Before diving in, I should note that I use the term DNF (did not finish) for any book I’ve deliberately put down for a time, even if I know I might return to it at some indeterminate point in the future. So, for me, not all DNFs are permanent.
What makes me DNF a book? And how often?
There are three main reasons I might DNF a book:
- The writing is just awful. This is subjective to a point, I guess, but if the characters are two-dimensional, or the dialogue is cliche and utterly predictable, or there’s absolutely no plot (and I do mean absolutely no plot, because I’ve been surprised by some minimal-plot lit fic, but in those cases, the writing really has to sing and the book has to be incredibly thought-provoking), or the book is so poorly written and/or edited that I just don’t see why the publisher even bothered… then yeah, that’s an automatic permanent DNF. But it’s also an obvious and predictable DNF, which means it doesn’t happen very often because, like most readers, I try to weed those books out in the first place.

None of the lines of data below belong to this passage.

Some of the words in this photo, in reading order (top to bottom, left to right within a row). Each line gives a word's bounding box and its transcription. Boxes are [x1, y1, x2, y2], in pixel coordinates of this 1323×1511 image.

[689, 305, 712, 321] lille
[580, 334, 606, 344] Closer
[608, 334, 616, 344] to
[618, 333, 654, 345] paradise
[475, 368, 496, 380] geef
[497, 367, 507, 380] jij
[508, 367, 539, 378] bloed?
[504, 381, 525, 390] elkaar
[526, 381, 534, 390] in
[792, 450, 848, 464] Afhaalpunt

- It’s a tougher slog than I anticipated. This could mean that the plot beats are too far apart and the narrative sags, or that the writing is too ponderous and heavy, or even that the subject matter is simply more difficult than I expected. Whatever the specifics, if the book is just a hard go, I may put it down for a while – or forever, if there was little about it that pulls me back. I go through spells where I’m drawn to heavy and ponderous books, so DNFs of this type happen fairly often when I’m in one of those phases. And it’s typically a 50/50 chance as to whether I’ll pick them up again. I also DNF books for this reason when I’m in the mood for and expecting something lighter and get a ponderous tome instead. This is what happened last month with Martin Seay’s The Mirror Thief: I absolutely love the premise and there were some real highlights, but they were too few and too far between, and the writing felt a bit overwrought in places. I do hope to pick it up again, but we’ll see.

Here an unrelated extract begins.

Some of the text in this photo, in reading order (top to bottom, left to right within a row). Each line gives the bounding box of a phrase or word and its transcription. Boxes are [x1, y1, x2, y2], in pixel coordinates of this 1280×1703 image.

- Let’s be honest: Sometimes I just see a squirrel. I get really excited about a new book and dive headlong into it before finishing something else (or multiple somethings else) I’m already reading. Sometimes that works out; sometimes I’m able to alternate reading them and finish both without any breaks. But more often, I end up putting one of them down for a bit so I can concentrate on the other. And occasionally that means I just don’t pick the put-down book back up. DNF by squirrel, let’s call it. Honestly, this is probably the most common reason I DNF a book, but it’s also the least likely to be permanent. Because if the book is actually good and memorable, I will almost always circle back to it. This is what has happened a few times with George R.R. Martin’s A Song of Ice and Fire series. I really enjoy reading them, and then some highly anticipated new release comes out or I stumble on something magical at the library or a bookstore, and – “Squirrel!” – I’m distracted and off on a tangent again.
Do I review books I’ve DNF’d?
If I have something to say about a book, I’m going to write about it, regardless of whether I finished it.
I should note here: I don’t review books formally or for a living; otherwise, my answer would probably be different. But for the purposes of my little blog, I write whenever I feel I have something to say, and that’s not restricted by whether I made it to the final page of a book.
If a book felt flat-out awful, I might write about why I felt it was so awful or what might have made it better. But since I try to weed those books out in the first place, that rarely happens. If the book was a tough slog, I might write about what made it so tough to get through and whether I feel it’s worth the effort anyway. And if I DNF a book because I saw a squirrel, chances are I’m going to come back later and finish it, and then, if I have something I want to say about it, I’ll write about it.
No matter the reason, though, I never include DNF’d books in my monthly page counts.
2 thoughts on “DNF’ing Books”
My biggest two are bad writing and poor pacing. If I get bored, it’ll be really difficult for me to find a reason to continue reading!